本開示の実施形態に係る二次電池用負極材料(以下において、「負極材料」と称する場合がある)は、負極活物質と、カーボンナノチューブを含む。負極活物質は、黒鉛と、ケイ素元素を含む材料を含む。カーボンナノチューブの平均繊維径が0.5~6nmであり、平均繊維長が1.2~8μmである。これにより、充放電に伴う体積変化が大きなケイ素元素を含む材料を負極活物質に用いる場合においても、体積変化に伴う負極活物質(黒鉛およびケイ素元素を含む材料)の集電不良が抑制され、容量維持率を高く維持できる。
カーボンナノチューブは、繊維径がナノサイズで小さく、そのアスペクト比(繊維の外径に対する繊維長の比)が極めて大きな炭素繊維である。アスペクト比の大きな炭素繊維は、活物質間の接触、および、活物質と集電体との接触が点接触ではなく、線状の接触になる。導電性に優れた炭素繊維が活物質粒子の間に介在し、粒子と線状の接触部を形成する。これにより、導電性に優れたカーボンナノチューブが活物質間および活物質と集電体との間に線状の導電経路を形成し、かつ集電体と線状の接触部を形成することで、集電性が向上する。

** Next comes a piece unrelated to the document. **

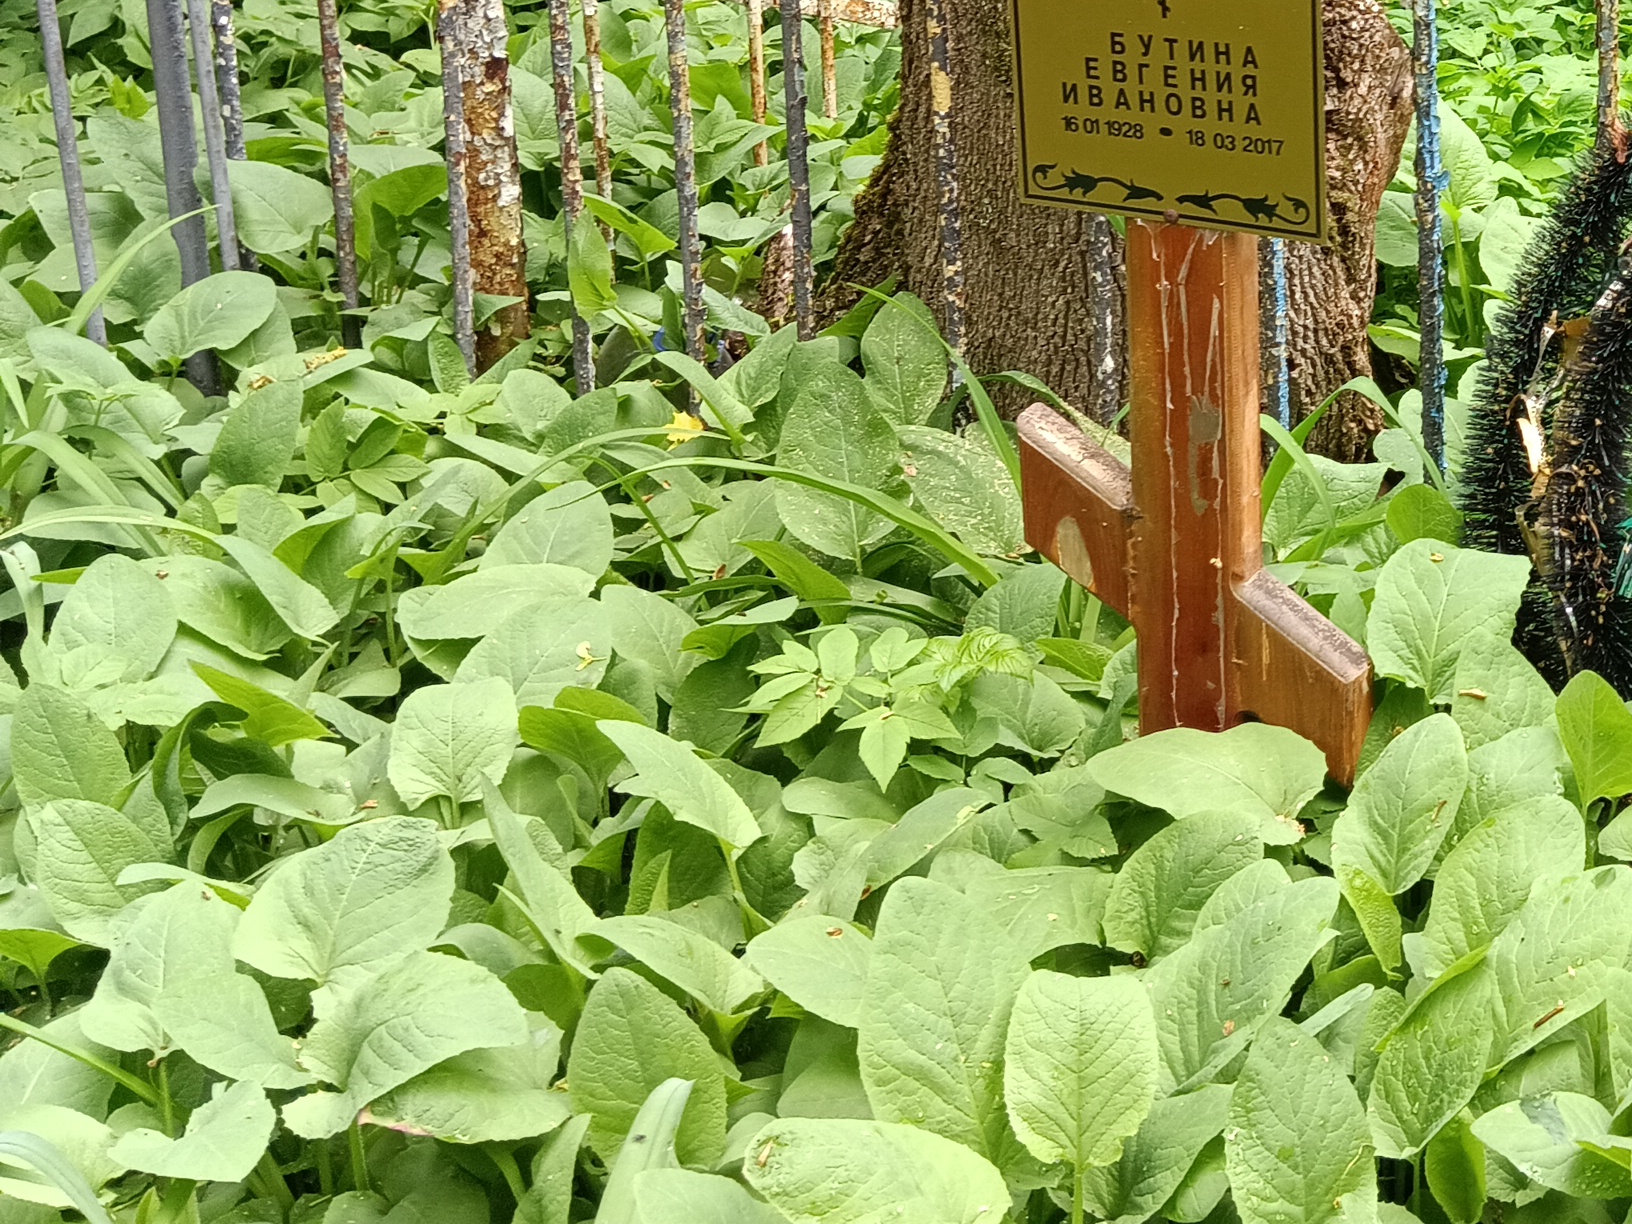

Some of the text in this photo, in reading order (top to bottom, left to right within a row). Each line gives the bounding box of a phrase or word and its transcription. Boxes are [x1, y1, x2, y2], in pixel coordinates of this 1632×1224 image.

負極活物質としては、金属リチウム、リチウム合金などを用いてもよいが、電気化学的にリチウムイオンを吸蔵および放出可能な材料が好適に用いられる。このような材料として、負極活物質は、黒鉛と、ケイ素元素を含む材料(以下において、「Si含有材料」と称する場合がある)を含む。

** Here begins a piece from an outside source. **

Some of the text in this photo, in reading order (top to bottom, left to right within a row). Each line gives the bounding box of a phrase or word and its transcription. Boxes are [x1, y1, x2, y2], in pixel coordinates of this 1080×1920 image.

負極活物質層を形成する前の平均粒子径には、体積基準の粒度分布において累積体積が50%になるメジアン径(D50)を用いることができる。メジアン径は、例えばレーザ回折/散乱式粒度分布測定装置を用いて求めることができる。
第1の粒子は、SiO2とSi微粒子とが微視的レベルで混合した混合物である。第1の粒子は、例えば、SiOX(0.5≦X<1.6)の式で表される酸化ケイ素を含む。第1の粒子は、酸化ケイ素の粒子と、酸化ケイ素の粒子の周囲に配置された炭素層とを含んでもよい。
第2の粒子は、リチウムシリケート相とリチウムシリケート相中に分散したシリコン粒子(シリコン相)とを含む。リチウムシリケート相は、Li2ZSiO(2+Z)(0<Z<2)の式で表されるリチウムシリケートを含んでもよく、当該リチウムシリケートで構成されてもよい。Zは、0<Z<1の関係を満たすことが好ましい。リチウムシリケート相は、その50質量%以上(例えば60質量%以上)が、0<Z≦0.5を満たすリチウムシリケートで構成されていてもよい。

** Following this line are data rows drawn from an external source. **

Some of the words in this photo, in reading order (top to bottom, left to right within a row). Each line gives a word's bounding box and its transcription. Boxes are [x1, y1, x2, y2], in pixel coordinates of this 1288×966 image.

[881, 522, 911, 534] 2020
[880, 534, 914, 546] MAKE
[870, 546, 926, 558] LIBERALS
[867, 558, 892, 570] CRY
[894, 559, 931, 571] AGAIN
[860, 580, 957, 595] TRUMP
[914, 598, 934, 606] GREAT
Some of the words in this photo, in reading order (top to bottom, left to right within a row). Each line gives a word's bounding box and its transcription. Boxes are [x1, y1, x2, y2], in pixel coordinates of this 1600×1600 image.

第3の粒子は、炭素相と当該炭素相中に分散したシリコン粒子(シリコン相)とを含む。第3の粒子の炭素相は、無定形炭素(すなわちアモルファス炭素)で構成されてもよい。無定形炭素は、ハードカーボンでもよいし、ソフトカーボンでもよいし、それ以外でもよい。無定形炭素(アモルファス炭素)とは、一般には、X線回折法により測定される(002)面の平均面間隔d002が0.34nmを超える炭素材料を言う。第3の粒子の炭素相は、導電性を有する。そのため、第3の粒子の周囲に空隙が形成されても、第3の粒子とその周囲との接点が維持されやすい。その結果、充放電サイクルを繰り返すことによる容量低下が抑制されやすい。
第1の粒子であるSiOXは、例えば、蒸着法により製造され得る。以下の方法により、SiOX粒子を炭素で被覆してもよい。まず、SiOX粒子を粉砕・分級して粒度を調整する。次に、得られた粒子の表面を、アルゴン雰囲気下でのCVD法によって、炭素で被覆する。そして、これを解砕・分級することによって、SiOXとして表される第1の粒子を調製する。なお、SiOX粒子を炭素で被覆する方法については、上記方法に限られず、種々の周知の方法を採用することができる。また、SiOX粒子を炭素で被覆する処理については省略してもよい。
次に、第2の粒子の製造方法の一例について詳述する。第2の粒子は、以下で説明する製造方法以外の方法で製造してもよい。第2の粒子は、国際公開第2018/179969号に記載の方法で製造してもよい。
式:Li2ZSiO2+Zで表されるリチウムシリケートのZの値は、二酸化ケイ素とリチウム化合物との混合物におけるケイ素のリチウムに対する原子比:Li/Siによって制御すればよい。アルカリ成分の溶出の少ない良質なリチウムシリケートを合成するには、Li/Siを1より小さくすることが好ましい。
次に、リチウムシリケートと原料シリコンとの複合化が行われる。例えば、リチウムシリケートと原料シリコンとの混合物(さらに元素Meを含んでもよい)にせん断力を付与しながら混合物を粉砕すればよい。原料シリコンには、平均粒径が数μm~数十μm程度のシリコンの粗粒子を用いればよい。最終的に得られるシリコン粒子は、XRDパターンのSi(111)面に帰属される回析ピークの半値幅からシェラーの式により算出される結晶子サイズが10nm以上になるように制御することが好ましい。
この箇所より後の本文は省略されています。